🤖 AI Summary
Addressing key challenges in supervised learning—namely, the non-differentiability of discontinuous fairness metrics, conflicts among multiple fairness objectives, and hyperparameter sensitivity of regularization-based approaches—this paper proposes a hard-constraint fairness learning framework. Our method introduces a smooth, non-convex surrogate function that tightly approximates Heaviside-type unfairness measures, transforming non-differentiable constraints into differentiable approximations. It directly enforces hard constraints on multiple (potentially conflicting) fairness metrics, eliminating optimization difficulties and costly hyperparameter tuning inherent to regularization. We formulate a non-convex optimization problem with explicit fairness constraints and solve it efficiently using robust numerical solvers, ensuring convergence and stability. Experiments demonstrate that our approach significantly improves practical fairness guarantees while maintaining training stability, generalization performance, and computational efficiency—without requiring expensive hyperparameter search.
📝 Abstract
A new strategy for fair supervised machine learning is proposed. The main advantages of the proposed strategy as compared to others in the literature are as follows. (a) We introduce a new smooth nonconvex surrogate to approximate the Heaviside functions involved in discontinuous unfairness measures.

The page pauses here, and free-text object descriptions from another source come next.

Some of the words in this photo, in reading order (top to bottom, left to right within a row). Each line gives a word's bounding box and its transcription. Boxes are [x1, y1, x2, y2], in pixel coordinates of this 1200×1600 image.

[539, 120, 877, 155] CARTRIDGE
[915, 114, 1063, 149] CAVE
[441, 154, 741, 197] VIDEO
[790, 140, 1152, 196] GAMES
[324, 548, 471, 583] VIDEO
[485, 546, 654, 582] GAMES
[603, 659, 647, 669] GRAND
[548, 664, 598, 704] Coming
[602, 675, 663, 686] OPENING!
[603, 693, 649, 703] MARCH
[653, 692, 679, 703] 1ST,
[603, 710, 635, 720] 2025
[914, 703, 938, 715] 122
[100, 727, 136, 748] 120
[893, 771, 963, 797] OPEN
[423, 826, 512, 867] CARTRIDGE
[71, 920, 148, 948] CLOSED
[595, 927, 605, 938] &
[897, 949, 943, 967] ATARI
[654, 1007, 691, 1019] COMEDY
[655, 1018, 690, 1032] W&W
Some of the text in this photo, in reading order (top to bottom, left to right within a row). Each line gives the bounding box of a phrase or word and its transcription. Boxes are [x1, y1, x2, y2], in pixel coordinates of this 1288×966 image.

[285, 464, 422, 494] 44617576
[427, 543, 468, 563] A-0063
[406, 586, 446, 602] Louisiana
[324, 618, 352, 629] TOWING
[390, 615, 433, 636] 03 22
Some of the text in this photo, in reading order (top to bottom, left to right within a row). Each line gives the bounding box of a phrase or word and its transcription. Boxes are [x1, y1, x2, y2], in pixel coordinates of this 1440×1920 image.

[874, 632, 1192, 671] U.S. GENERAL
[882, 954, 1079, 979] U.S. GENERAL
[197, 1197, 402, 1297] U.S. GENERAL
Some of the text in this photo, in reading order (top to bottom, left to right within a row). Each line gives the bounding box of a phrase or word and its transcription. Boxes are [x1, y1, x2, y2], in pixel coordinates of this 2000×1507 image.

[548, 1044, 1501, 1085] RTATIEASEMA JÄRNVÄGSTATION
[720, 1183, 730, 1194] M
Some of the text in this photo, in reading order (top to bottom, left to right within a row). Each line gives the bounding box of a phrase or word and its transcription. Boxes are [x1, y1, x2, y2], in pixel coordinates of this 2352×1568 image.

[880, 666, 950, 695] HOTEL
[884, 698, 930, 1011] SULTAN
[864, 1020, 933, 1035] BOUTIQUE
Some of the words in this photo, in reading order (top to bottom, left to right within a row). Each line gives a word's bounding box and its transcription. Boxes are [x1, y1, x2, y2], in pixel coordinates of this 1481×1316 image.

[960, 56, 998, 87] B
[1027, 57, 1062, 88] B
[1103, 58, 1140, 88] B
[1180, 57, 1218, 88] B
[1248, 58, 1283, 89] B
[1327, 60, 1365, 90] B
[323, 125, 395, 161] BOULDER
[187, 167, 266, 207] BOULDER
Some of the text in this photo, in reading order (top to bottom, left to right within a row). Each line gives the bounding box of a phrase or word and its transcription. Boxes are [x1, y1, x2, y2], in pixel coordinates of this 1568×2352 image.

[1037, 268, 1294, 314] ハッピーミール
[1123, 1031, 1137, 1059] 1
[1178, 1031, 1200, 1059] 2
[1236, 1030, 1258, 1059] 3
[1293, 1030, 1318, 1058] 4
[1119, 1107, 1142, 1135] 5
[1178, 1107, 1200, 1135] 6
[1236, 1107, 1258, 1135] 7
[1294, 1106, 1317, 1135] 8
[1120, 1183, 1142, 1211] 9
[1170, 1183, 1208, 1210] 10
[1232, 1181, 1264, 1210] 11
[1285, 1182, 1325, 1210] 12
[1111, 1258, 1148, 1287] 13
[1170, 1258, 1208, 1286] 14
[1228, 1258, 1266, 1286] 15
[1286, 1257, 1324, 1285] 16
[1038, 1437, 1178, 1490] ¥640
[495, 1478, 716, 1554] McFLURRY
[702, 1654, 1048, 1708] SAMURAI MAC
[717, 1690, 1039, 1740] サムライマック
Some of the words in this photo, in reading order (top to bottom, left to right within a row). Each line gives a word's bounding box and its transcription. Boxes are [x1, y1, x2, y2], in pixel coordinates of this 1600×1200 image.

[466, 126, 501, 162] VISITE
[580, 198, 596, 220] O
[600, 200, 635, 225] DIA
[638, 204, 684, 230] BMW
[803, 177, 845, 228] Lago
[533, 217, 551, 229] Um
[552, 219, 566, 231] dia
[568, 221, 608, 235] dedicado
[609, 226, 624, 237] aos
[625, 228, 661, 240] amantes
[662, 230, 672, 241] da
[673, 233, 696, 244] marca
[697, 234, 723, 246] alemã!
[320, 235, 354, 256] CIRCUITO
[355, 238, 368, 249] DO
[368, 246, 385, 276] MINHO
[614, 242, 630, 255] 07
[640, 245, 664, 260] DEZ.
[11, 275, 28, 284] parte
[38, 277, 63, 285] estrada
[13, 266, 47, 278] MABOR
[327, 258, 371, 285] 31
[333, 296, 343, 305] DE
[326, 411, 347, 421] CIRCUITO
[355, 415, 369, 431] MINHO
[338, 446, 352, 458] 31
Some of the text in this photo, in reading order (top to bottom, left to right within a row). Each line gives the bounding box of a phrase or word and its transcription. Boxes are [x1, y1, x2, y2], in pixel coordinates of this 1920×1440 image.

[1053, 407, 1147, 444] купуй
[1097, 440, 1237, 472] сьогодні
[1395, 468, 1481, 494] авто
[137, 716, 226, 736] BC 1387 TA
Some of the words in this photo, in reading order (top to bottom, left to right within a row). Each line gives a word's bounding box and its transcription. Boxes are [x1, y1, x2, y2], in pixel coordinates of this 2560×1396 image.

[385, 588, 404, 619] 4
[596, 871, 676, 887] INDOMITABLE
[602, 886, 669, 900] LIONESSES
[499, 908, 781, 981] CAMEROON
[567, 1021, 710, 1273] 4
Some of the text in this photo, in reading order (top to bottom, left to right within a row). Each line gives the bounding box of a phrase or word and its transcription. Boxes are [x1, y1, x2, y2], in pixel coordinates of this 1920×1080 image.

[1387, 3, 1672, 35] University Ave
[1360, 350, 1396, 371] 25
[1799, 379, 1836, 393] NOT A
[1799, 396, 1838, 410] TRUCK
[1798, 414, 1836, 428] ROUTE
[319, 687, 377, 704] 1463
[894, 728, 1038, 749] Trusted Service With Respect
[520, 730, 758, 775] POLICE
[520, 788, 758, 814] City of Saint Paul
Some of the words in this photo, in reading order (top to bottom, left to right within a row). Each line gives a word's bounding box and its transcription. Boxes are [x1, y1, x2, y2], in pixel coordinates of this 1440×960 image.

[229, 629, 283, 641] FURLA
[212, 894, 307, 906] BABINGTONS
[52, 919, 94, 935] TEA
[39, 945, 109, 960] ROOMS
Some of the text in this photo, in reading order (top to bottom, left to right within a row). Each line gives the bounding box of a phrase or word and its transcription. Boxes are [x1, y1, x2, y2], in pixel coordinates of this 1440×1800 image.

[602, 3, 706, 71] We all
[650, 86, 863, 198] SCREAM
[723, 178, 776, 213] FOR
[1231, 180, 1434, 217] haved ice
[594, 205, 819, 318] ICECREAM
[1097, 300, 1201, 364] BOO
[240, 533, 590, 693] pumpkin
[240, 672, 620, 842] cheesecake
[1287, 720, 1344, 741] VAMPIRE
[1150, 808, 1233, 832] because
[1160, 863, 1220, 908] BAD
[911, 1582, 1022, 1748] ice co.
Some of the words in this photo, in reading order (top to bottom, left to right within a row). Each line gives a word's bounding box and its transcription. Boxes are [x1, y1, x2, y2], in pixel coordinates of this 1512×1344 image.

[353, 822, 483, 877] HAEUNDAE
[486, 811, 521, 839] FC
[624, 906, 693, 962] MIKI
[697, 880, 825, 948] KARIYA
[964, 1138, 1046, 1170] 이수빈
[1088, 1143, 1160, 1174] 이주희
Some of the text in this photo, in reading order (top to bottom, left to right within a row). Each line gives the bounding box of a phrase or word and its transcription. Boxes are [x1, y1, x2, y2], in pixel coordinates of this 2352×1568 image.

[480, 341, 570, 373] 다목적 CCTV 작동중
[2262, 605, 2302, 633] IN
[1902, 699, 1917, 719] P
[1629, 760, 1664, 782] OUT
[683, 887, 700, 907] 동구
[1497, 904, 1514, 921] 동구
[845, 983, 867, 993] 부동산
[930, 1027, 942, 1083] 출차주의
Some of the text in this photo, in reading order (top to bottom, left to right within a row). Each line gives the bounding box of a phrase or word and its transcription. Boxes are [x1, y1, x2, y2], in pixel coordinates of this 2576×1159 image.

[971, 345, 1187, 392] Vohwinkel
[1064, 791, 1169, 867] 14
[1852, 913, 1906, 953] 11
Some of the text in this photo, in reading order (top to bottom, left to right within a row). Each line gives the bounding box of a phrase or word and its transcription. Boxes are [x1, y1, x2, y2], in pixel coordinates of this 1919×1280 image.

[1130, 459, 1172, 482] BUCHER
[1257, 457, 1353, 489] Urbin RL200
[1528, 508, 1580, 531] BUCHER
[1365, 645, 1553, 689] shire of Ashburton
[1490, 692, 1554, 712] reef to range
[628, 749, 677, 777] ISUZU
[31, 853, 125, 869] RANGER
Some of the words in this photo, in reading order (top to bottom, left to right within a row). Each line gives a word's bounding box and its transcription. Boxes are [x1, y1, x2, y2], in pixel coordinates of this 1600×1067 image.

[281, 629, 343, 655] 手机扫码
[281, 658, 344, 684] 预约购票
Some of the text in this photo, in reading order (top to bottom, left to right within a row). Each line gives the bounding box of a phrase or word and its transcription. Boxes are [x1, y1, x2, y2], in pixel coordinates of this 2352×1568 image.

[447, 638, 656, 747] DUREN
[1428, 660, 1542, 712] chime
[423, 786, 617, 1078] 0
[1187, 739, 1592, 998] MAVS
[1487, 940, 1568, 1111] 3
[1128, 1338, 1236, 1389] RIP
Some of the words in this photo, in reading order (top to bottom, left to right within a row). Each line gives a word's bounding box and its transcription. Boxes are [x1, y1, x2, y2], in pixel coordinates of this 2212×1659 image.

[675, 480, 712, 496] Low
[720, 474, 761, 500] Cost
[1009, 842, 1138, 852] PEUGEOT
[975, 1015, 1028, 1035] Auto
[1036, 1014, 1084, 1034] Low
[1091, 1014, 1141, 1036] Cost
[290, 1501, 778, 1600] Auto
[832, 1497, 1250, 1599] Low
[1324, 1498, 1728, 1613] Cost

The surrogate is based on smoothing methods from the optimization literature, and is new for the fair supervised learning literature. The surrogate is a tight approximation which ensures the trained prediction models are fair, as opposed to other (e.g., convex) surrogates that can fail to lead to a fair prediction model in practice. (b) Rather than rely on regularizers (that lead to optimization problems that are difficult to solve) and corresponding regularization parameters (that can be expensive to tune), we propose a strategy that employs hard constraints so that specific tolerances for unfairness can be enforced without the complications associated with the use of regularization. (c)~Our proposed strategy readily allows for constraints on multiple (potentially conflicting) unfairness measures at the same time. Multiple measures can be considered with a regularization approach, but at the cost of having even more difficult optimization problems to solve and further expense for tuning. By contrast, through hard constraints, our strategy leads to optimization models that can be solved tractably with minimal tuning.